Thursday 5 November 2015

A Pair of Pink Trainers: Thoughts on Family, Fertility and Fitting In

I had a pair of pink vinyl trainers, once. A university student during an amazing era of dance music and clubbing, I really wanted to be a part of it. I didn't always like the music. The drugs made me messy and panicky after a bit. But it was happening, my peers were part of it, I embraced it.

So I bought this pair of pink trainers. From Oxford Street in London. I think they were limited edition, imported from the USA. They were amazing. But you know what?

They didn't fit.

Obviously that works as a metaphor, as culturally they weren't the right fit for me, like staying up late or loudly socialising (I could have been a part of the choir, the Chapel, I realise now, but that wasn't a right fit at the time either.)

But I mean, they didn't physically fit.

I wanted to have this pair of pink vinyl Converse trainers so badly; they symbolised the times for me. With my cute little plaits, original Adidas tracksuit top and flared Top Shop jeans I like to think I looked on trend. (This reminds me that I wore my Dad's big black fluffy 70's coat at this time, too. Oh I looked the bomb with a cigarette in my mouth. Or not. ) In the college bar and at parties, I looked the part. Or thought I did. And I so wanted these fancy trainers, that squeaked when I walked, that I spent a lot of money on them - even though they didn't come in my size!

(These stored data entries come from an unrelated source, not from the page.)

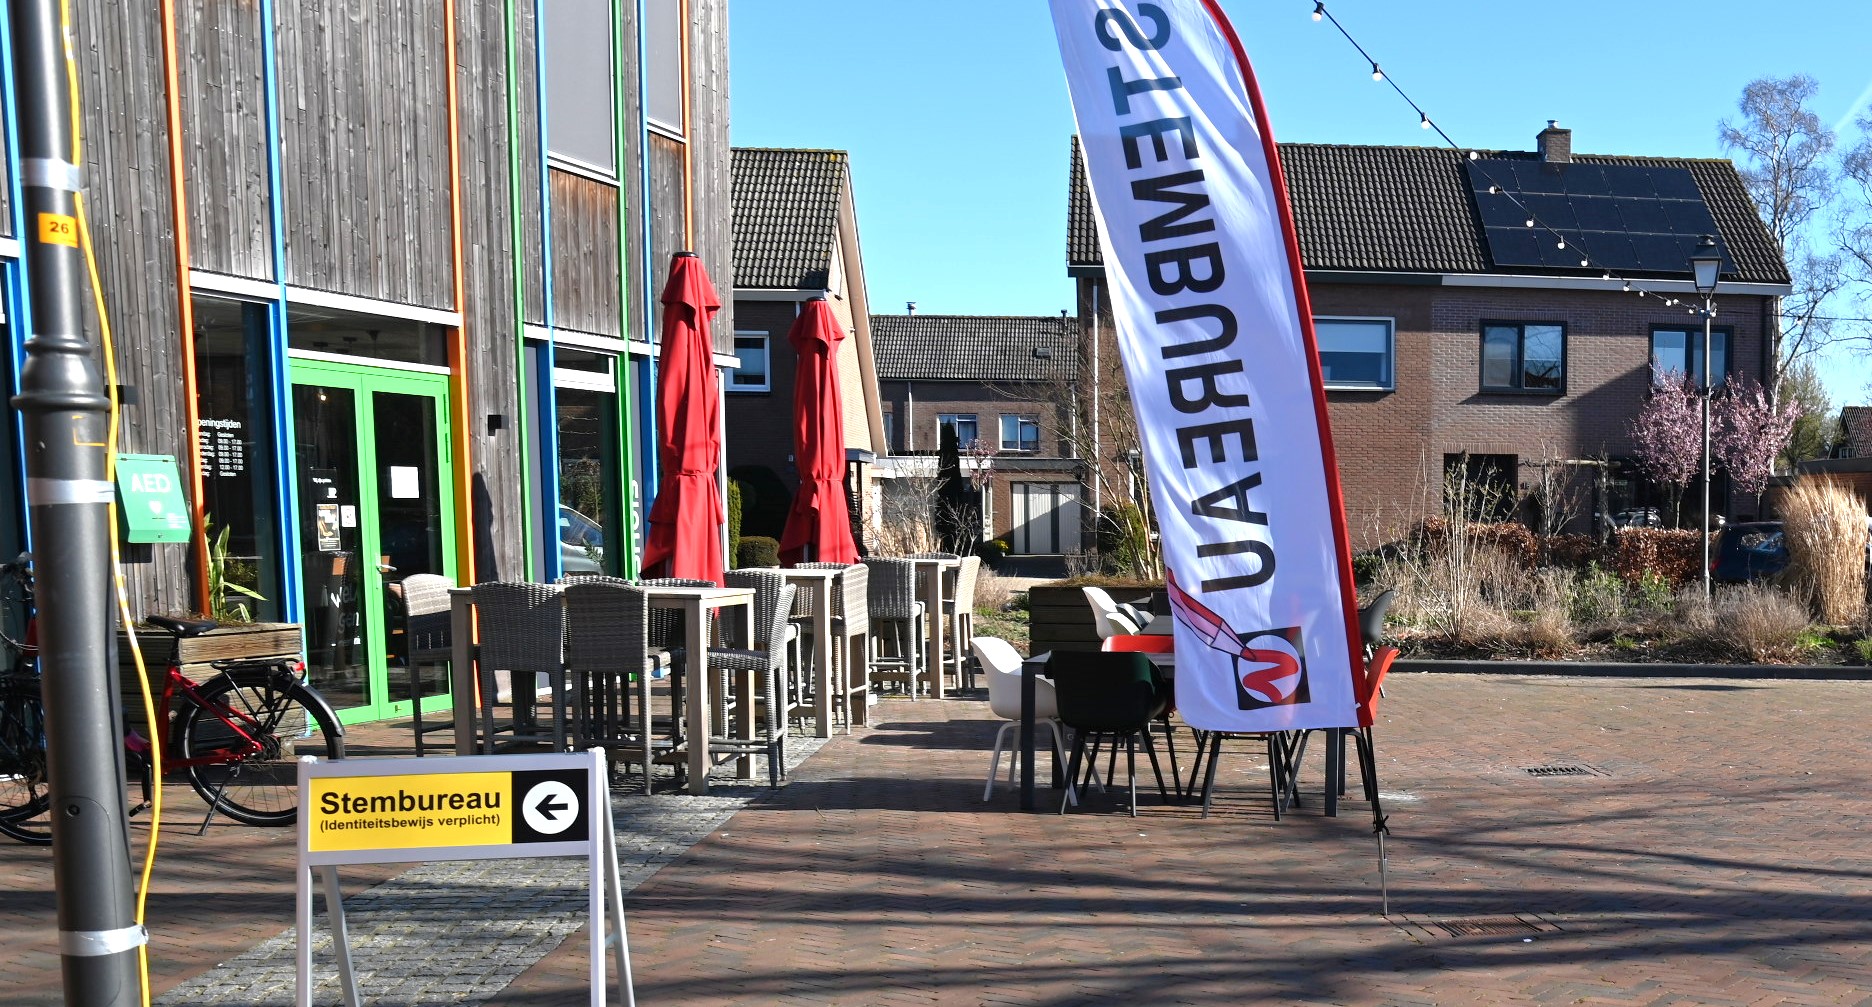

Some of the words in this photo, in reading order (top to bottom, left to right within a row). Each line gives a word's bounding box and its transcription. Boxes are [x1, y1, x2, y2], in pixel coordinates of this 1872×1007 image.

[48, 220, 69, 234] 26
[198, 417, 242, 430] peningstijden
[131, 472, 172, 493] AED
[320, 789, 501, 815] Stembureau
[320, 818, 434, 833] (Identiteitsbewijs
[437, 813, 501, 828] verplicht)

They were always a little too big. So, if we're talking in metaphors here, it was the opposite of being too big for my boots. My shoes were too big for me. But it was a time of style over substance. Marlboro Lights. Tarantino films. Trainspotting. Good times. I found a lot that was good, and real, to hang on to. But I was always a little out of sync. Physically and metaphorically.

Twenty years on, I really feel for the young adult I was starting to become during those times. The things I thought I had to do, be, and of course wear, to enjoy myself. As someone who has never tried to lose weight by dieting, perhaps it's the equivalent of trying to lose a dress size; to fit the way you look to the way you think looks best to the world around you.

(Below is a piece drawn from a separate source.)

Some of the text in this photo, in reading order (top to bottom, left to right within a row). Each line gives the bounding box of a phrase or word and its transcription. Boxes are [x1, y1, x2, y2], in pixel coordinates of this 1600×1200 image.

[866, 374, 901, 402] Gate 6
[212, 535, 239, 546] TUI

Now I'm forty, I've reclaimed a style of my own that's evolved over the last decade - I love what I wear, and it works for me. I don't even worry about being out of sync with the stylistic and cultural zeitgeist, because I'm past that. But it's funny, as yet another person today asked how I cope with having four children - my shoes are still out of step. I'm largely surrounded by families with two children or less. I think perhaps it shouldn't make a difference, but realistically, it does.

Not just practically, but that I made a conscious decision to have a 'larger' family - that I use and have used a fertility awareness method to both become and avoid becoming pregnant, because that is my moral, ethical and religious outlook. It's unusual amongst my peers, the people I was educated with, and the parents I know from the playground. And interestingly, it's out of step with the people with whom I worship. Although I feel that the Anglican setting I belong to is quite catholic, it's definitely not Catholic with a capital C. The only time I have seen another family of four in church is when I went to an ecumenical service at the Roman Catholic Church in our town.

I've stopped taking all of the children at once to our church because I find it too difficult to manage, rather than the fact that we stick out like a sore thumb - but at Christmas and Easter and other times we go as a whole family, we do! I don't think we are a talking point in particularly, and I would like to be a positive role model for having more than the average number of children; although, I probably do so badly trying to manage them that would never happen! But this doesn't cause me worry or concern; I just feel slightly out of kilter.

On the radio yesterday, however, I heard a debate about China's changing its policy to 'allow' couples to have more than one child, and I could literally feel my world grinding to a halt and my stomach start to churn. One of the participants was demanding that all people need is educating to see that having one or two children is enough, and the world would be a better place. A lot of economic, ethical and even moral arguments for population control were wheeled out and those who supported the Chinese government's position literally refused to see anyone else's point of view. I literally cannot comprehend this blinkered attitude. I understand all the rational arguments for limiting population size, and don't seek to dismiss them or nullify them. It's just that actually, humanly and spiritually, I feel that they not only destroy personal autonomy and choice (however 'selfish' these choices may be or are perceived to be), but equate to a political power assuming that they are greater than a natural one. I personally see the way the universe works in a spiritual way, but even if one doesn't - having another human being in control of your fertility doesn't sit right with me.

(My brother-in-law, his wife and children currently live and work in China. Our family might go and visit them in 2017. I suspect it may feel a little like wearing the wrong pair of shoes.)

I wonder what ever happened to that pair of pink trainers. And the girl that wore them. I don't mourn for them, though; I celebrate the opportunities they had. But I am thankful for the person that I have been allowed to become; the family I been allowed to have; and the constant process of personal change I am encouraged to undergo, as a person, as a political subject, and as a child of God.